Thank God, they don't ration the wine. Here in Korea, or 'on the peninsula', the military has a ration control system in place. You can read about it here. If you are an authorized shopper, you get a ration card, which looks like a credit card. They scan it when you shop for groceries, or if you buy beer and liquor. The purpose is to deter military and family members from buying items in bulk and selling them on the black market. It seems to me that there is an ample supply of junk food, alcohol, counterfeit purses and other crap available off base, without any need for a black market, but I could possibly be mistaken, as hard as that is to imagine. Anyway, I am much more interested in any potential angst or inconvenience to ME. So far, I have not encountered any issues associated with ration control, although I am guessing we are close to the grocery limit every month. This will change quickly, though, if they start rationing wine. I was talking with some of my friends, who will remain nameless to disguise their lush-like tendencies (you know who you are, ladies!), and found that to stay under the beer ration limit you can have two (2) beers per day. Now, that is plenty for some days, but not nearly enough for others. Why take the risk when there is apparently no black market demand for mid-priced California reds?
I got this email (below, in italics) from my dad this morning.He thinks we should write a book! What do you all think? Anyone interested in participating? I think he is brilliant, except for the Julia Roberts part. She is about the right age, I think, but not nearly haggard enough.Who should play you? Let me know!
Hi - I've been looking at your pals blogs along with yours. Looks like a lot of good stuff for articles and/or book - what ever angle(s) you want to take - foreign posting; child rearing/frustration; military marital angst; or all of the above and more. Not sure how you get permissions to use. Maybe a collaboration with a couple of them. But I definitely see an Erma Bombeck or Betty MacDonald type blockbuster. Who will play you in the movie? Is Julia Roberts old enough or too old? Hey! Can you act?
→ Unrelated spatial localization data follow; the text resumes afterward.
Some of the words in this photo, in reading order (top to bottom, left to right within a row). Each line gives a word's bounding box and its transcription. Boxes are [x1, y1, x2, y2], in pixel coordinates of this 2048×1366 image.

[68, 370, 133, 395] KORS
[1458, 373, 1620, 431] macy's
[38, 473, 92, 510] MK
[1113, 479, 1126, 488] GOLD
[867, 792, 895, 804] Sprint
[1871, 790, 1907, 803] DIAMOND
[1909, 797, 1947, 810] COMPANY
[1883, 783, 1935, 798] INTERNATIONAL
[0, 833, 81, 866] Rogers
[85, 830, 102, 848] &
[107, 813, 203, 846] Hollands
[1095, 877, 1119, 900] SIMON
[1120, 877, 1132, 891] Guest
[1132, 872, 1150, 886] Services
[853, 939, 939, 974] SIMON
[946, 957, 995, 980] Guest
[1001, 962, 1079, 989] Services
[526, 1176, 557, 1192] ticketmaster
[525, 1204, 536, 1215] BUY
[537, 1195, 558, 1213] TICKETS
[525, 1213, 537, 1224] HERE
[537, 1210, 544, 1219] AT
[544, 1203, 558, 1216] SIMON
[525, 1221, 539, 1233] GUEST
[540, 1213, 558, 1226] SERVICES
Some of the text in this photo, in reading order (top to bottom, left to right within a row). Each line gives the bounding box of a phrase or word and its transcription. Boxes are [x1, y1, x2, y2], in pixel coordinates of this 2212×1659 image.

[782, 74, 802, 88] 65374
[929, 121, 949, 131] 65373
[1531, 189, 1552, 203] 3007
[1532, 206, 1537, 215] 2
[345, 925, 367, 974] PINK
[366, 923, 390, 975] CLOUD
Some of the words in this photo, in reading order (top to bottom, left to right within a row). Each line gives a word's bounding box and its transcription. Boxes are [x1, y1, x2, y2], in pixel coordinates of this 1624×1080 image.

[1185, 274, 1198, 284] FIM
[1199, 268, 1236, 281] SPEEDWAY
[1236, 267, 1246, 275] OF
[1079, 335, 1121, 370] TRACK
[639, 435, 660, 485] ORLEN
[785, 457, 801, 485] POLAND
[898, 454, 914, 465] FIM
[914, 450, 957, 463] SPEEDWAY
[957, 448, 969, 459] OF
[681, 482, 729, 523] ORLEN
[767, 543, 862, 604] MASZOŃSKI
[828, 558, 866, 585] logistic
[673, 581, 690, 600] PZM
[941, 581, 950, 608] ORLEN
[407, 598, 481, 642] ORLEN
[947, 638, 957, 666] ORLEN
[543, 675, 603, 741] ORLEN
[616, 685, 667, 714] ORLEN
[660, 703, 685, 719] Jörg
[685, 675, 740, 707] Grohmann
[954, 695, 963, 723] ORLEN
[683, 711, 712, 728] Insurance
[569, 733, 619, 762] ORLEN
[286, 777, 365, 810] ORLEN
Osan living is like living in a teeny, tiny town where everyone knows everyone and everything they're doing. And I do mean everything. You don't want to linger too long in the family planning aisle of the BX, for example, if you know what I mean. Or park your stroller in front of the mental health clinic. Or brandish your oh-so-discreetly-wrapped-in-brown-paper package at the post office. And you DEFINITELY don't want to make any jokes about throwing cans of beer at a dog. Even a mean dog. Just for the record, I was not actually planning to throw beer at a dog. Something less messy, like frozen chickens, would be much better.
Some things I have learned the hard way about the small base life:
If you are walking around with an unbuttoned shirt or a smear of chocolate on your face, or both, you WILL run into your husbands boss, or his wife, or both.
If you tell someone you are sick in the morning, by 3 p.m., at least 153 people will have asked you how you're feeling. Some of them you won't even know.
If enough people stop by unexpectedly while your house looks like the thrift store exploded, eventually you will stop caring. I wanted to put up a picture to prove that I am not exaggerating, even a tiny bit, but Lloyd put the kibosh on that idea, so you'll just have to use your imagination. He embarrasses so easily; sometimes I almost feel sorry for him that he has to live with me. But that is another post (or two, or three.....) for another day.
I have always been a Paul Newman fan, of his acting, his interest in organic foods, and his philanthropy. Not so much the car racing, but he didn't ask me. I don't know why. Plus, of course, he is very handsome. But don't tell Lloyd; he has a bit of a jealous streak.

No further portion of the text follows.